Inference with discrete latent variables (Sequential SS-VAE)

Hi everyone!

I’m new to both probabilistic programming and probabilistic machine learning in case you are wondering why I make stupid questions on this forum from time to time :wink:

I’m trying to implement a semi-supervised seq2seq VAE for sequential data by taking inspiration by both your semi-supervised VAE (SS-VAE) and DMM tutorials.

Unfortunately, now I’m stuck in one point of my code and I need, if possible, your help/educated advice.

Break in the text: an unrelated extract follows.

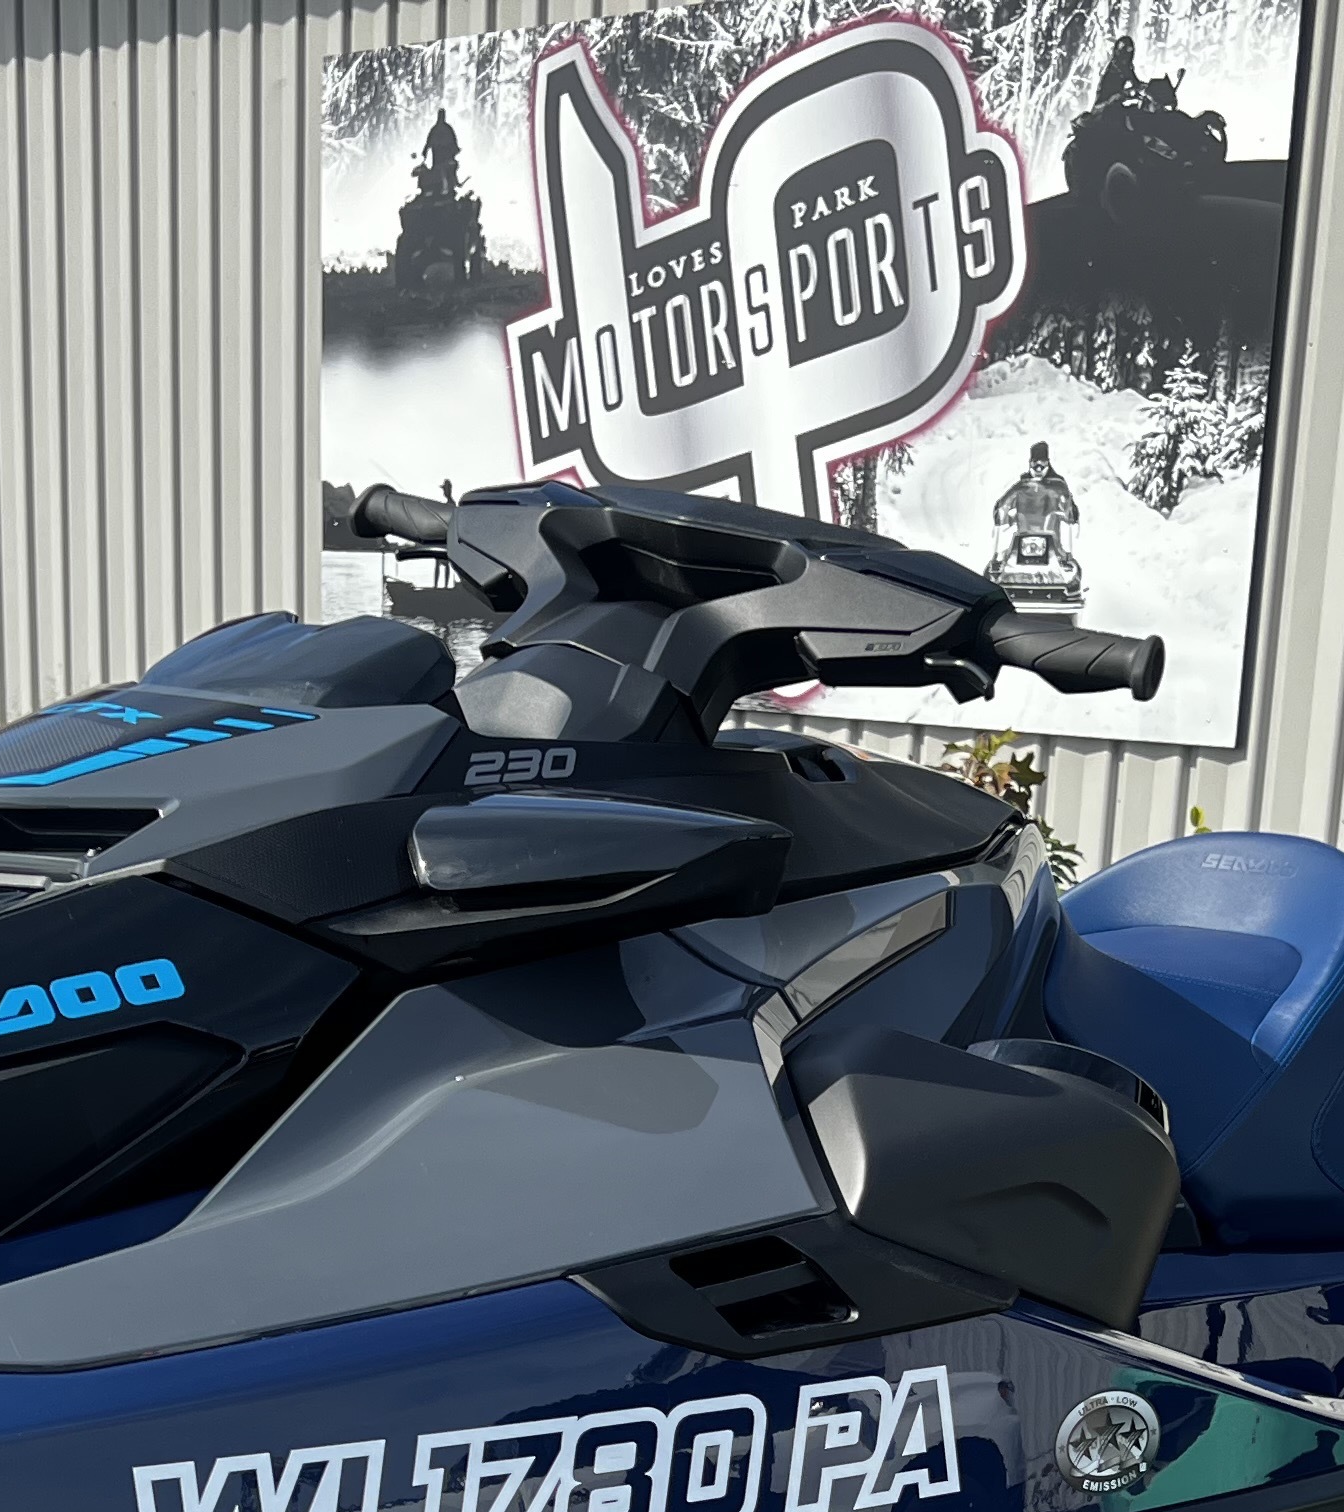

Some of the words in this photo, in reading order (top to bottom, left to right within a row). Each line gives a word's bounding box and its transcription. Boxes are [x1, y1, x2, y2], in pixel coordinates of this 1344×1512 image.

Let me suppose that (part of ) the decoder is a RNN —actually are RNNs also the encoder_z and the encoder_y. The label y is a discrete variable, while z is a continuous one (i.e., a multivariate Gaussian). To avoid any issue due to the high variance of a Monte Carlo estimator for the discrete variable, I decided to use the same solution as in the SS-VAE tutorial, that is that of enumerating y.

A typical approach adopted in seq2seq models relies in concatenating z coming from the encoder_z and y coming from the encoder_y, mapping them into the RNN’s hidden size (e.g., through a MLP) and using it as initial hidden state for the RNN in the decoder, by letting this latter also receive the input x (i.e., some sequence of symbols) during the training.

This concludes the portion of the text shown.